Mo. wurde ich nach Wash. gerufen (AEC): Quackenboss wollte allerlei, z.T. auf Anraten von Johnny. Es sind ebenso komplizierte wie interessante Fragen. Sitzung mit Mr. J. Johnson (Dir. of Materials) & Mr. Shaw (Ass. Gen. Man. for Production). Ich habe mir Material hierher senden lassen, studiere es, werde ein Exposé schreiben & in 8 Tagen wieder nach W. fahren. Die Commission wartet auf meine Stellungnahme, ehe sie eine Entscheidung trifft, in der es sich um Milliarden handelt. Das muß ich mir alles sehr genau überlegen. Die Sache ist so, daß man ein Proj. wie das Mang. P. haben müsste.

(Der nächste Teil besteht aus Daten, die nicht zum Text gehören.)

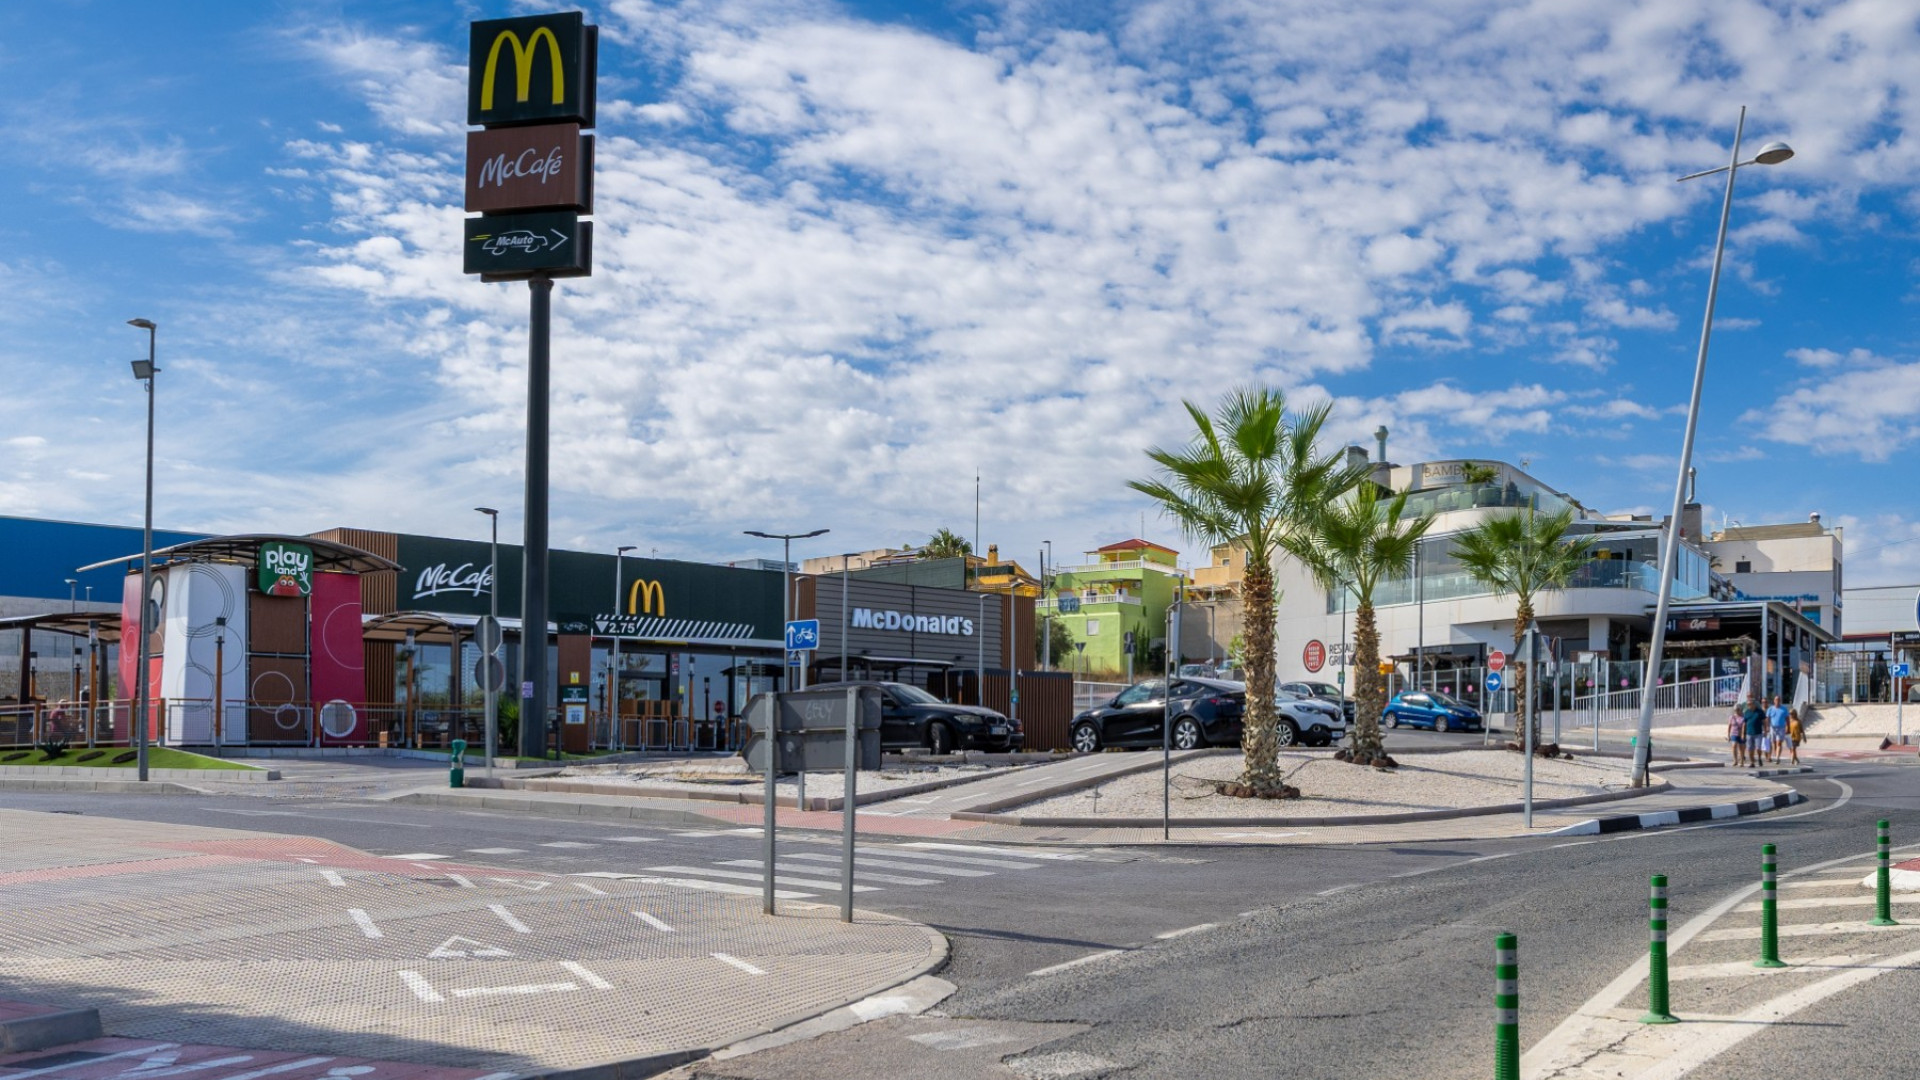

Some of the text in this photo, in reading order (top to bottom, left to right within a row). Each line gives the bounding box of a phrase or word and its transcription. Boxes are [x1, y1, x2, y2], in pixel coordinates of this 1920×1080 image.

Di. Johnny besucht. Er erschrak mich: sein Gesicht ist mager, angespannt, die Augen gross & starr. Alles weiche, das er im Feb. hatte, ist gegangen. Sein Geist war aber viel besser. Es gab wirkliche Diskussion, z.B. über das AEC Problem; er fragte sofort nach Dorothy & Carl.. Teller & Strauss jun. waren auch da & er wurde schnell müde. Wir wollten uns Mi. nochmals sehen & tel. mehrere Male, aber er sagte dann ab. Ich ass mit Clari. Die Tragödie ist in vollem Gang: Shields Warren gibt ihm 6-8 Monate seines jetzigen "aktiven" Lebens, dann dürften die Schmerzen beginnen & er muß mit Morphium etc. behandelt werden und das Ende ist dann nicht mehr weit. Aber Johnny weiss das nicht & nur sehr wenig Leute. Mir blutet das Herz, das hier aufzuschreiben.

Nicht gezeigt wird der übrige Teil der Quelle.